--- Assignment ---
Pictures should not appear in the copy; the records themselves must be written out exactly.

***** Records for this task *****

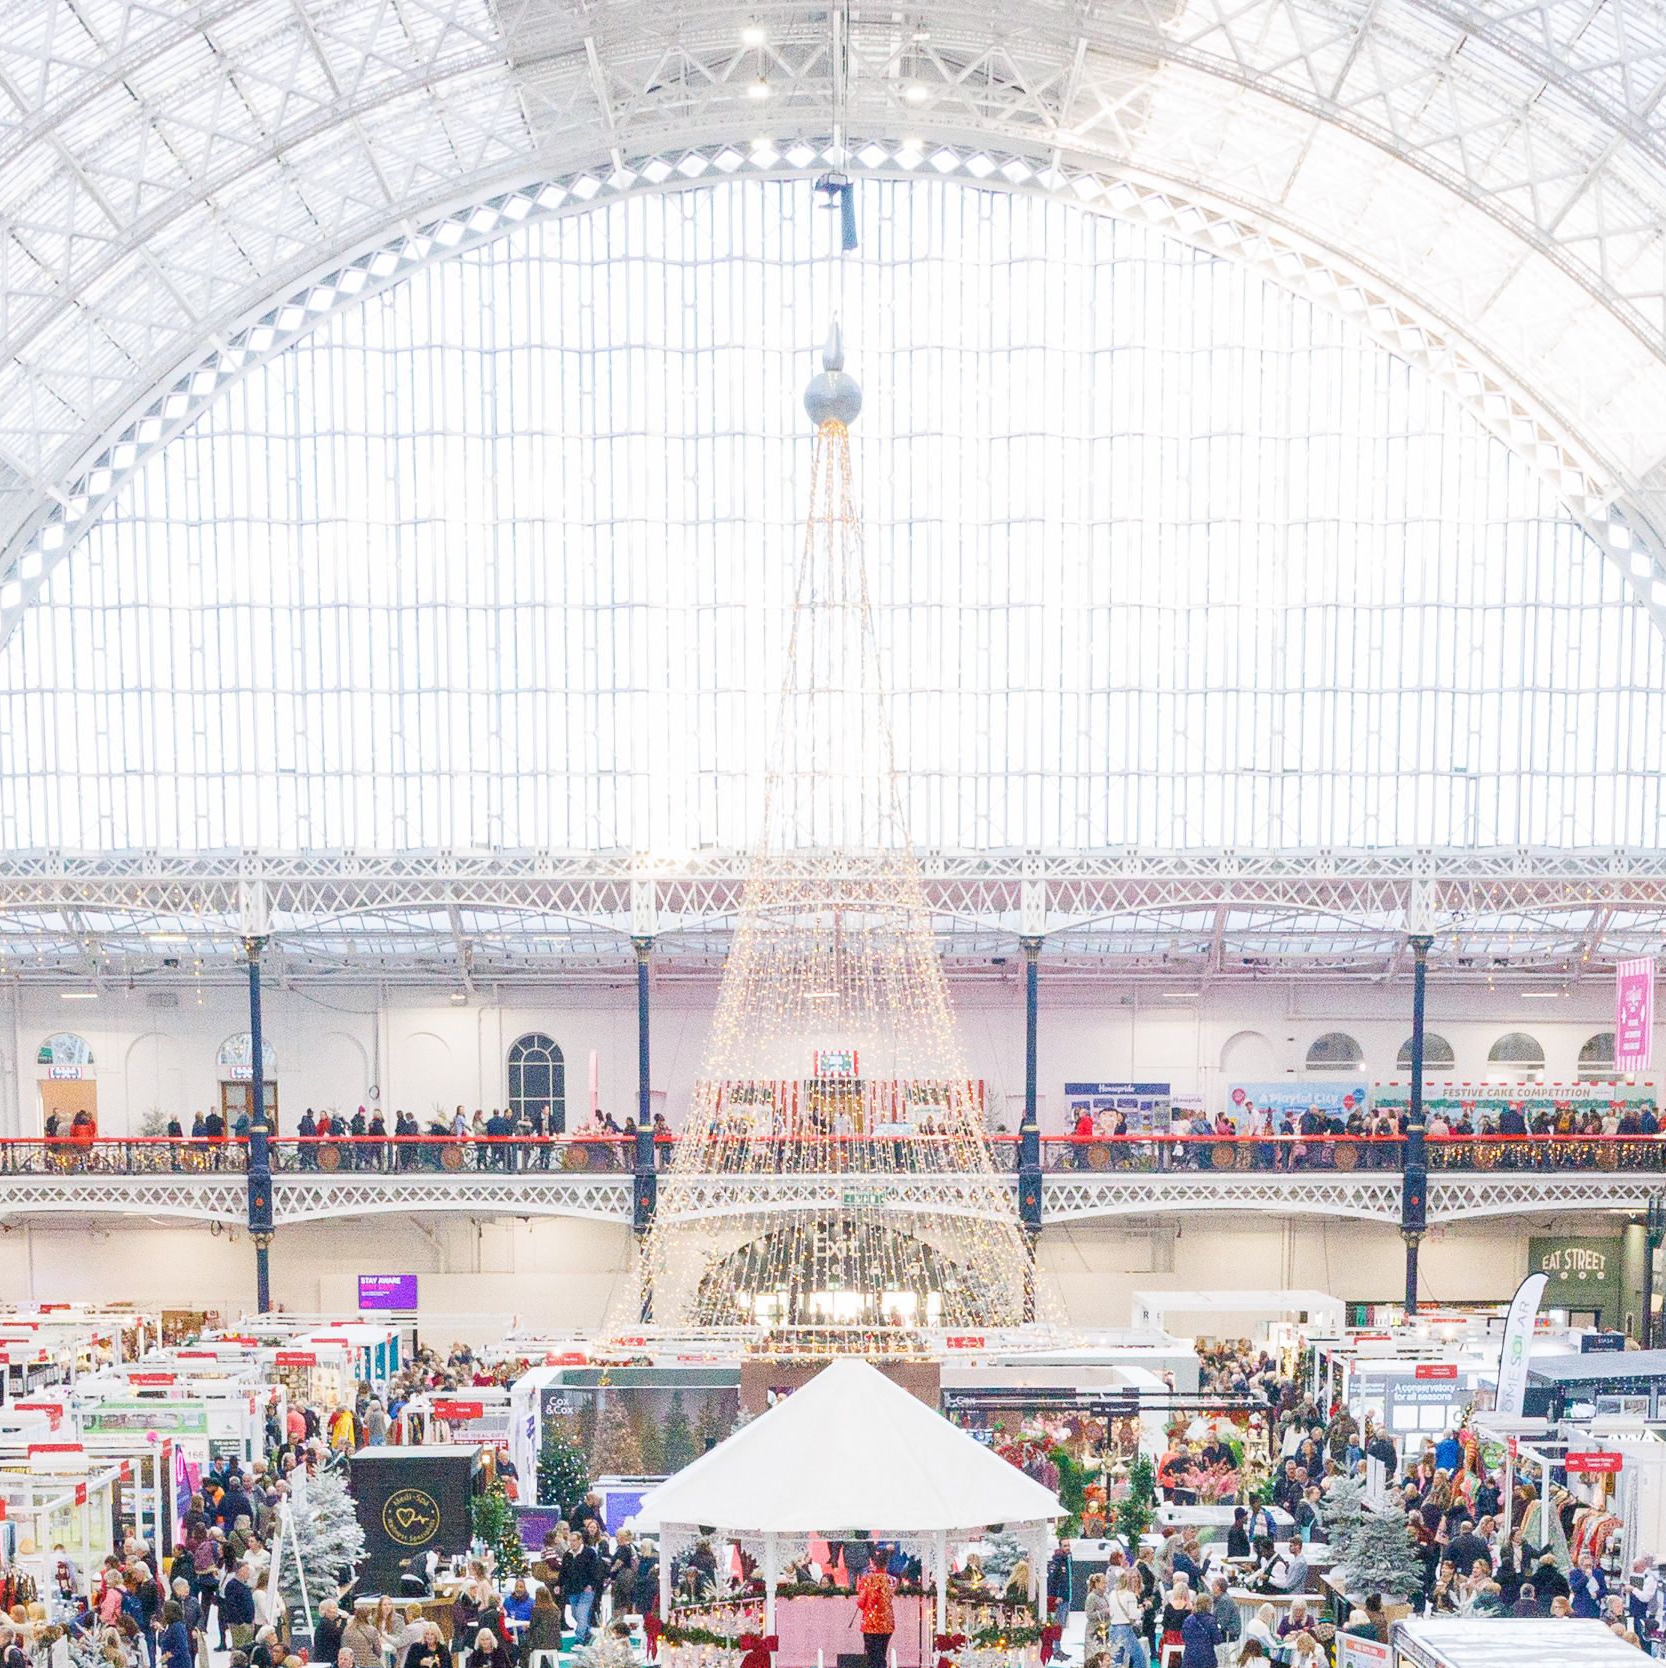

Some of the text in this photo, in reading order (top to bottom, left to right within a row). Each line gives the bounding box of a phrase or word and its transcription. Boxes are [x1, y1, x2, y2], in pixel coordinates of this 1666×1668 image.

[1442, 1088, 1590, 1098] FESTIVE CAKE COMPETITION
[814, 1233, 861, 1258] Exit
[1542, 1248, 1607, 1271] EAT STREET
[549, 1397, 570, 1406] Cox

*****

--- Answer to the exercise ---
Some of the text in this photo, in reading order (top to bottom, left to right within a row). Each line gives the bounding box of a phrase or word and its transcription. Boxes are [x1, y1, x2, y2], in pixel coordinates of this 1666×1668 image.

[1442, 1088, 1590, 1098] FESTIVE CAKE COMPETITION
[814, 1233, 861, 1258] Exit
[1542, 1248, 1607, 1271] EAT STREET
[549, 1397, 570, 1406] Cox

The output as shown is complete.